Dataset START

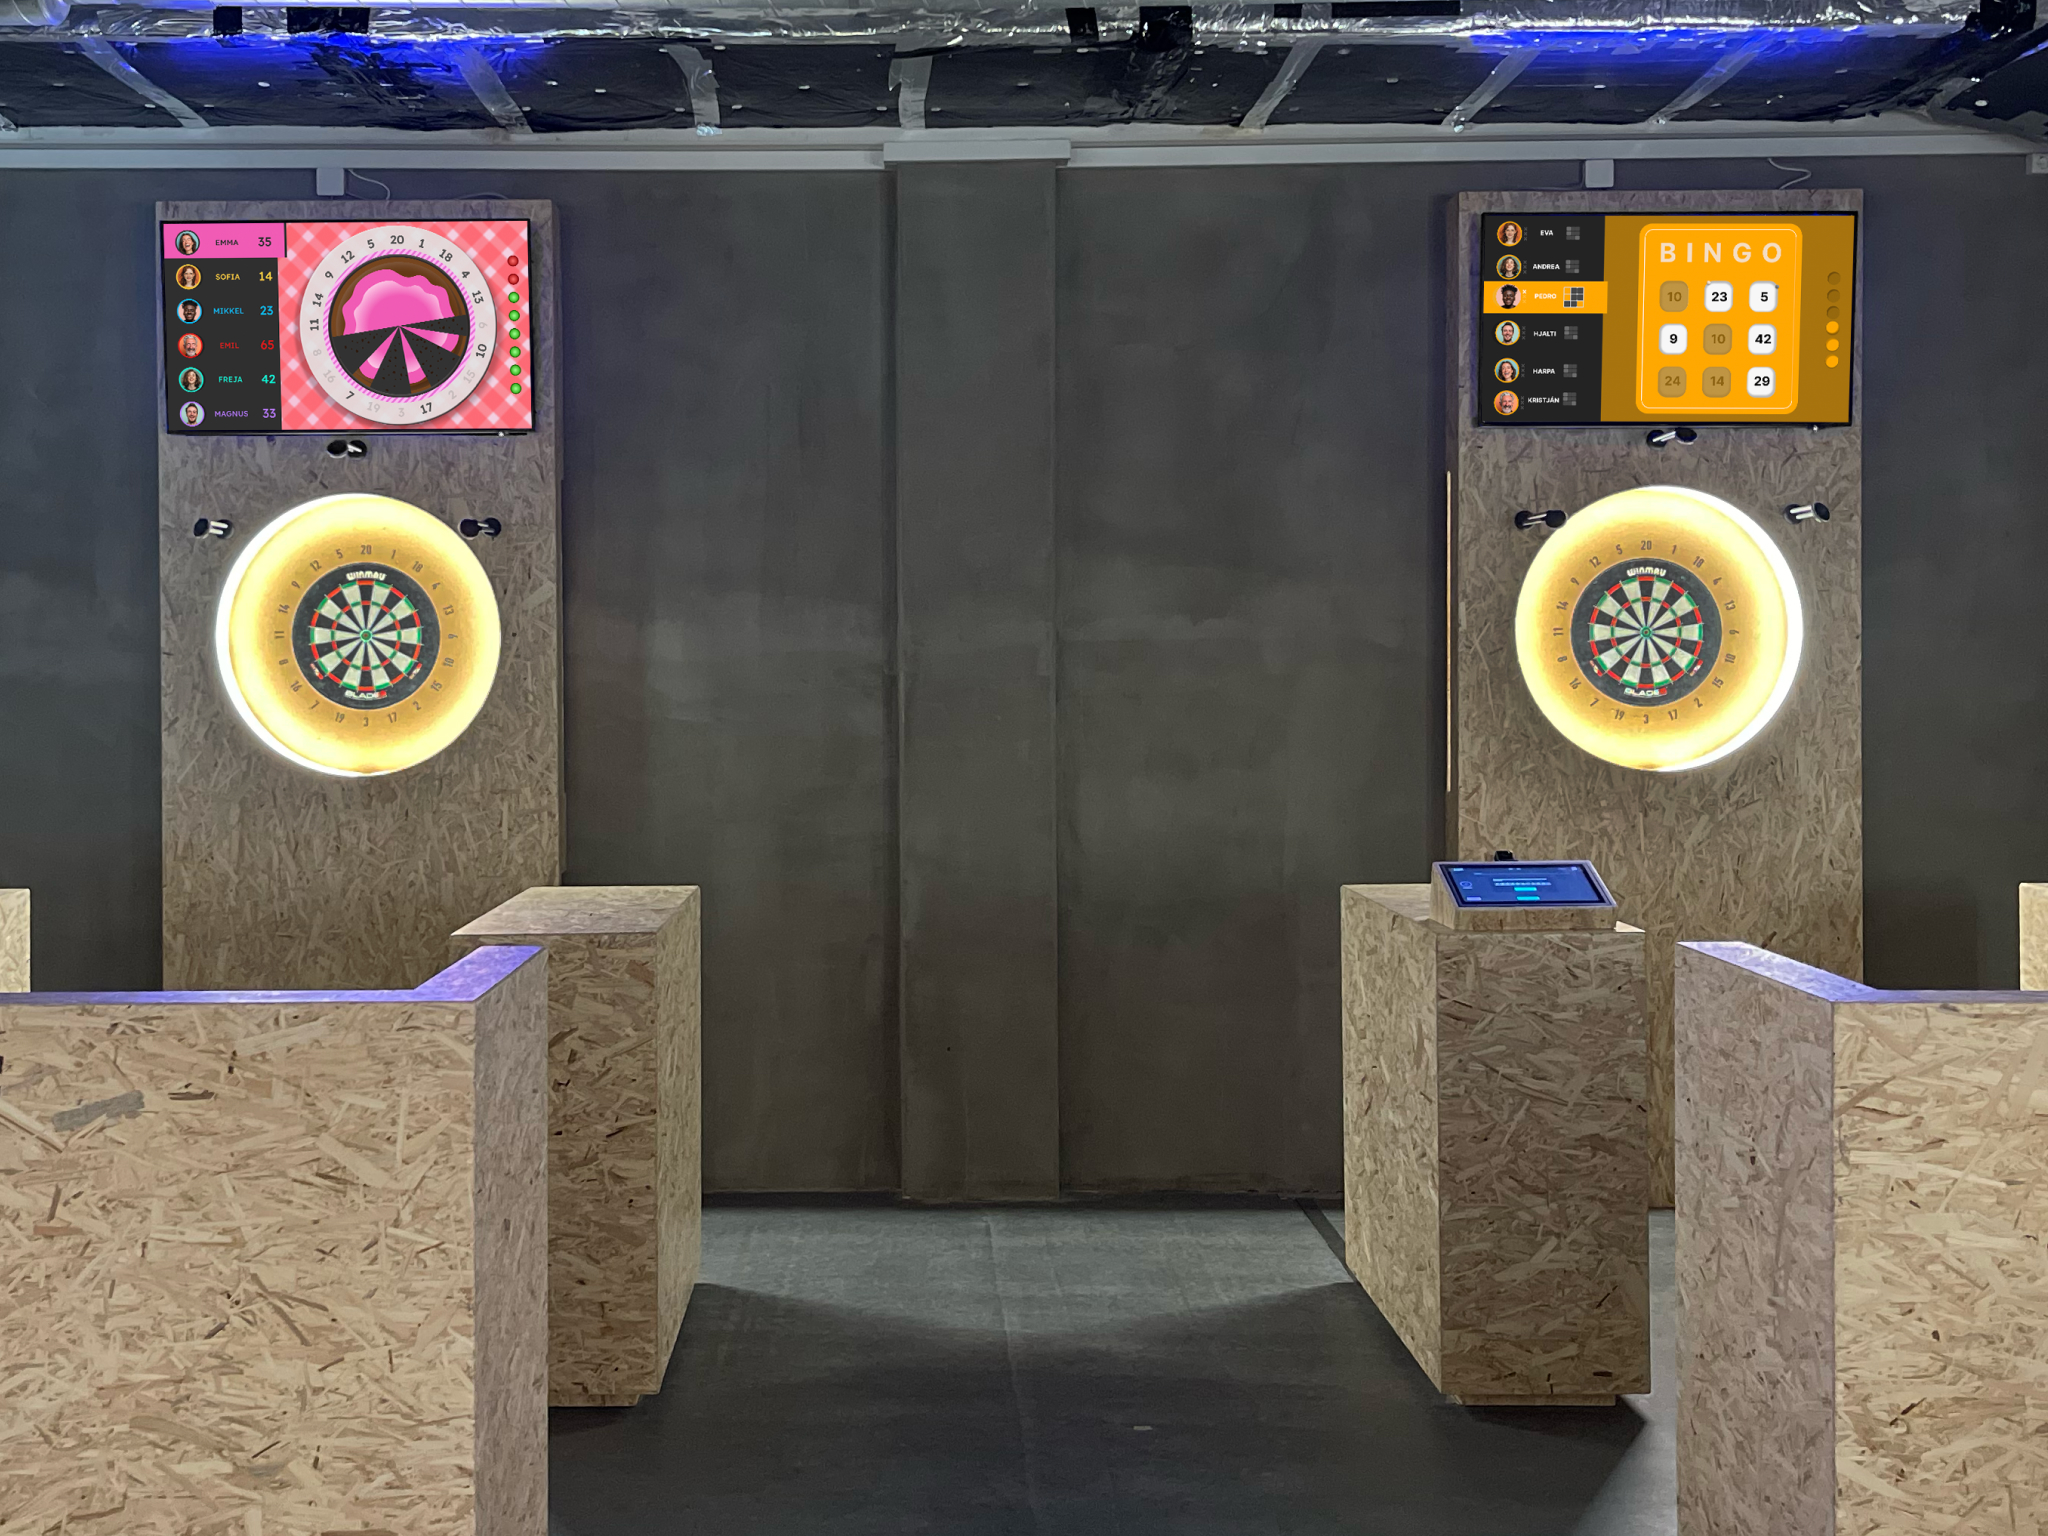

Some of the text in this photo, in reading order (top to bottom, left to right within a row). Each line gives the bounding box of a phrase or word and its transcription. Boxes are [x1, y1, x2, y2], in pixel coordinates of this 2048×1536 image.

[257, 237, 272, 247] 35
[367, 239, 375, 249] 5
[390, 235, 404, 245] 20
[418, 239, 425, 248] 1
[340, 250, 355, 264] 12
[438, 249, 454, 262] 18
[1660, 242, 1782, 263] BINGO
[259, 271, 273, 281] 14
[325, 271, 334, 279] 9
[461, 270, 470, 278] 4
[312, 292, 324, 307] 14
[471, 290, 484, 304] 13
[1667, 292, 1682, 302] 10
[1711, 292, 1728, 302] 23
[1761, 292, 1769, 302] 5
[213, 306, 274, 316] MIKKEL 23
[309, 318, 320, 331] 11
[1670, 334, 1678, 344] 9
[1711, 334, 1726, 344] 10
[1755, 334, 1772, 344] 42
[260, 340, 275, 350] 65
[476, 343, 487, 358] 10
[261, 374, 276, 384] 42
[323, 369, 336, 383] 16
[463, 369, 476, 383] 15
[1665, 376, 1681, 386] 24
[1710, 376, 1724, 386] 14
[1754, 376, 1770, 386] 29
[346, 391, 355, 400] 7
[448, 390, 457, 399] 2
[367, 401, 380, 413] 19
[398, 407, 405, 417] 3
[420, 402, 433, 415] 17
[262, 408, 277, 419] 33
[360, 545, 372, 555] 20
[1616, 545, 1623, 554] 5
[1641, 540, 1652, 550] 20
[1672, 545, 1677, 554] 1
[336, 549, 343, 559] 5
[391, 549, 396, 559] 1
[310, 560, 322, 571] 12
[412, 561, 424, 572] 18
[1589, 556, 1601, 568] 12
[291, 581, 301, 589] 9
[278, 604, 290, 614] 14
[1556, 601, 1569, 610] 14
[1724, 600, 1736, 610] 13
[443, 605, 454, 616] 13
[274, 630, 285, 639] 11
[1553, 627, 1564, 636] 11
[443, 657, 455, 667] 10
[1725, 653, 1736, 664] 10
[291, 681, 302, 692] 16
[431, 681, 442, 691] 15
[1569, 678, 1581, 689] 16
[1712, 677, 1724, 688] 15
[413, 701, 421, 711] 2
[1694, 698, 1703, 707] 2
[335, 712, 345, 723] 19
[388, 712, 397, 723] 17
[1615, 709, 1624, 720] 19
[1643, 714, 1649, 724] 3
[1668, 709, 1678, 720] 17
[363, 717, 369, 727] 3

Dataset END

Your task is to repeat the entries above exactly, omitting the pictures.

Answer box:
Some of the text in this photo, in reading order (top to bottom, left to right within a row). Each line gives the bounding box of a phrase or word and its transcription. Boxes are [x1, y1, x2, y2], in pixel coordinates of this 2048×1536 image.

[257, 237, 272, 247] 35
[367, 239, 375, 249] 5
[390, 235, 404, 245] 20
[418, 239, 425, 248] 1
[340, 250, 355, 264] 12
[438, 249, 454, 262] 18
[1660, 242, 1782, 263] BINGO
[259, 271, 273, 281] 14
[325, 271, 334, 279] 9
[461, 270, 470, 278] 4
[312, 292, 324, 307] 14
[471, 290, 484, 304] 13
[1667, 292, 1682, 302] 10
[1711, 292, 1728, 302] 23
[1761, 292, 1769, 302] 5
[213, 306, 274, 316] MIKKEL 23
[309, 318, 320, 331] 11
[1670, 334, 1678, 344] 9
[1711, 334, 1726, 344] 10
[1755, 334, 1772, 344] 42
[260, 340, 275, 350] 65
[476, 343, 487, 358] 10
[261, 374, 276, 384] 42
[323, 369, 336, 383] 16
[463, 369, 476, 383] 15
[1665, 376, 1681, 386] 24
[1710, 376, 1724, 386] 14
[1754, 376, 1770, 386] 29
[346, 391, 355, 400] 7
[448, 390, 457, 399] 2
[367, 401, 380, 413] 19
[398, 407, 405, 417] 3
[420, 402, 433, 415] 17
[262, 408, 277, 419] 33
[360, 545, 372, 555] 20
[1616, 545, 1623, 554] 5
[1641, 540, 1652, 550] 20
[1672, 545, 1677, 554] 1
[336, 549, 343, 559] 5
[391, 549, 396, 559] 1
[310, 560, 322, 571] 12
[412, 561, 424, 572] 18
[1589, 556, 1601, 568] 12
[291, 581, 301, 589] 9
[278, 604, 290, 614] 14
[1556, 601, 1569, 610] 14
[1724, 600, 1736, 610] 13
[443, 605, 454, 616] 13
[274, 630, 285, 639] 11
[1553, 627, 1564, 636] 11
[443, 657, 455, 667] 10
[1725, 653, 1736, 664] 10
[291, 681, 302, 692] 16
[431, 681, 442, 691] 15
[1569, 678, 1581, 689] 16
[1712, 677, 1724, 688] 15
[413, 701, 421, 711] 2
[1694, 698, 1703, 707] 2
[335, 712, 345, 723] 19
[388, 712, 397, 723] 17
[1615, 709, 1624, 720] 19
[1643, 714, 1649, 724] 3
[1668, 709, 1678, 720] 17
[363, 717, 369, 727] 3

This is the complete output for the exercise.